TASK:
An exact copy of all records is expected, minus the images.

GIVEN DATA:
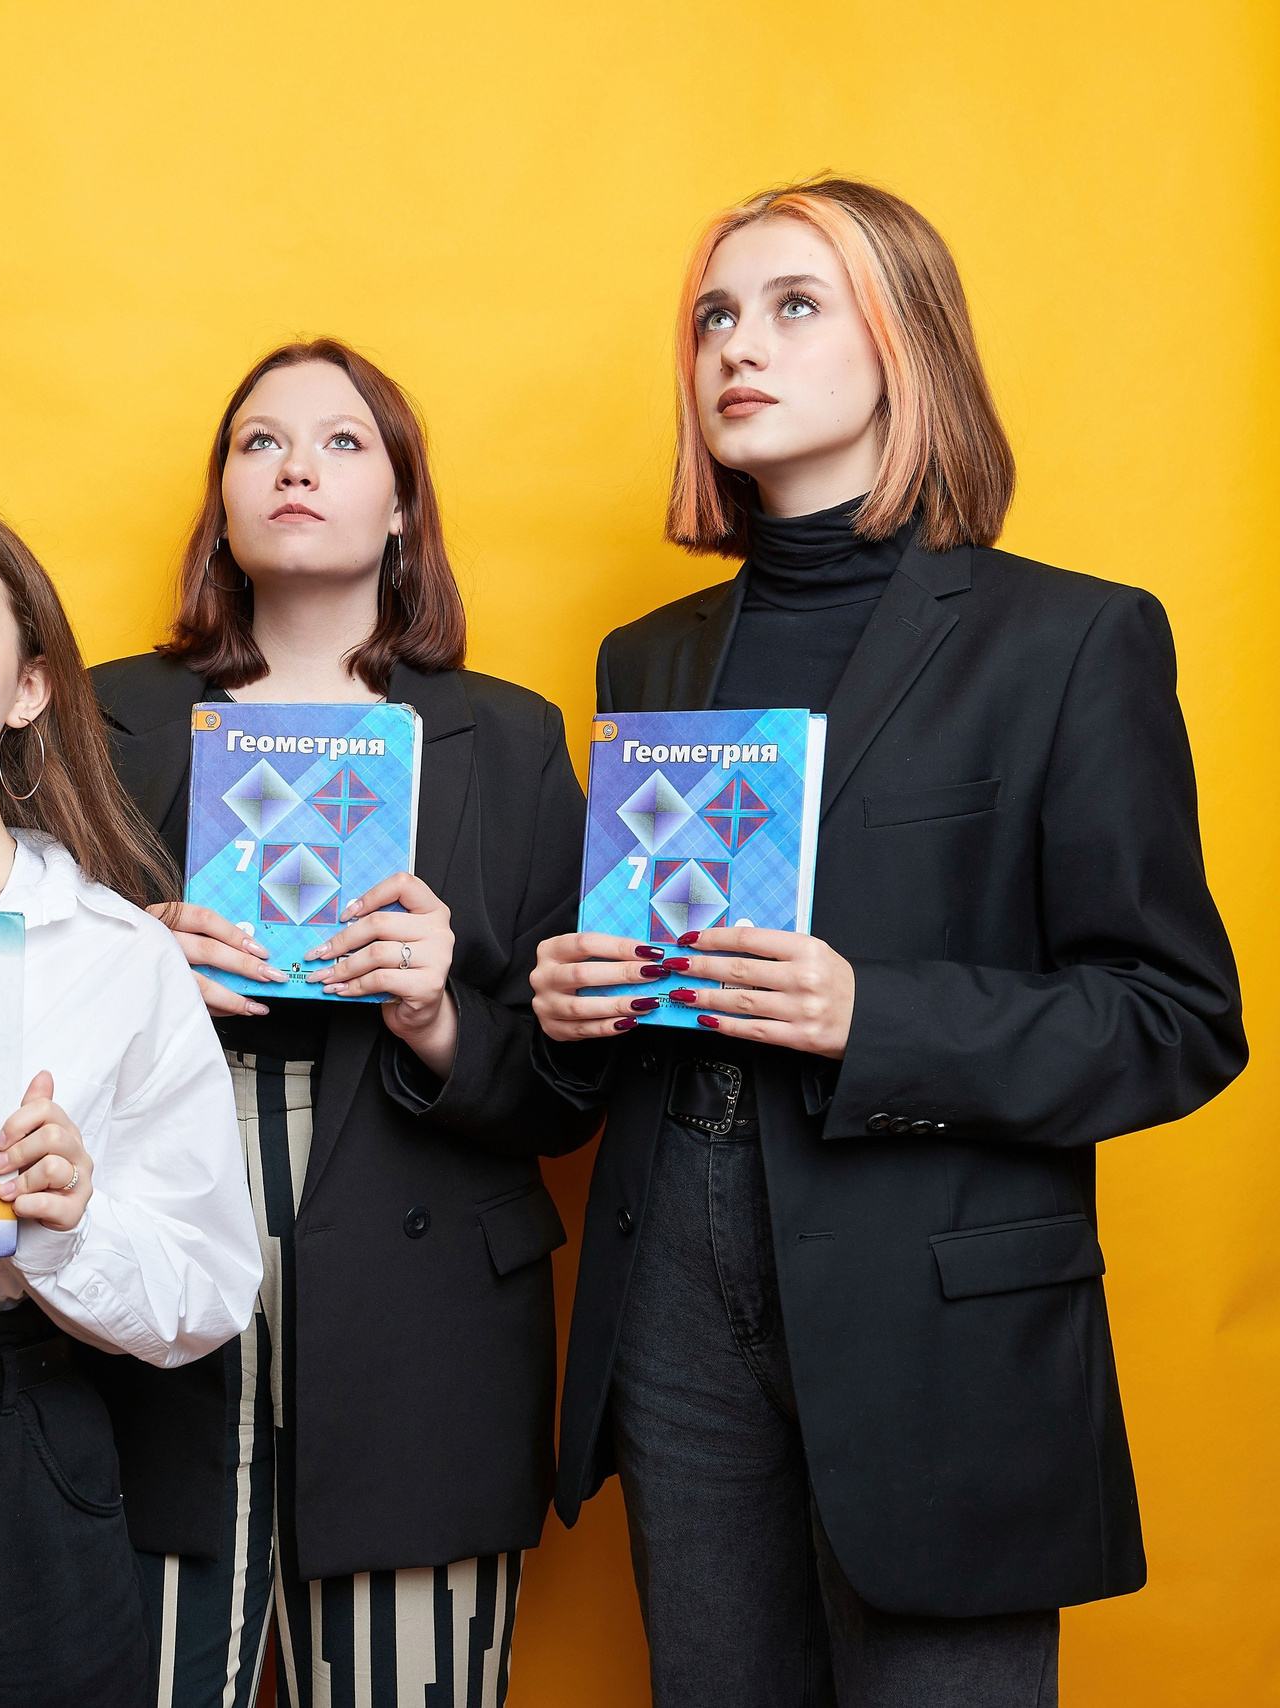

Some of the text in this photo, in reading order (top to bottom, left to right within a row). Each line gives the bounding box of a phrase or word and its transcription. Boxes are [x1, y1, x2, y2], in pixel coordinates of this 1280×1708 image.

[226, 729, 386, 760] Геометрия
[622, 740, 778, 769] Геометрия
[234, 840, 256, 872] 7
[626, 857, 648, 889] 7

EXERCISE ANSWER:
Some of the text in this photo, in reading order (top to bottom, left to right within a row). Each line gives the bounding box of a phrase or word and its transcription. Boxes are [x1, y1, x2, y2], in pixel coordinates of this 1280×1708 image.

[226, 729, 386, 760] Геометрия
[622, 740, 778, 769] Геометрия
[234, 840, 256, 872] 7
[626, 857, 648, 889] 7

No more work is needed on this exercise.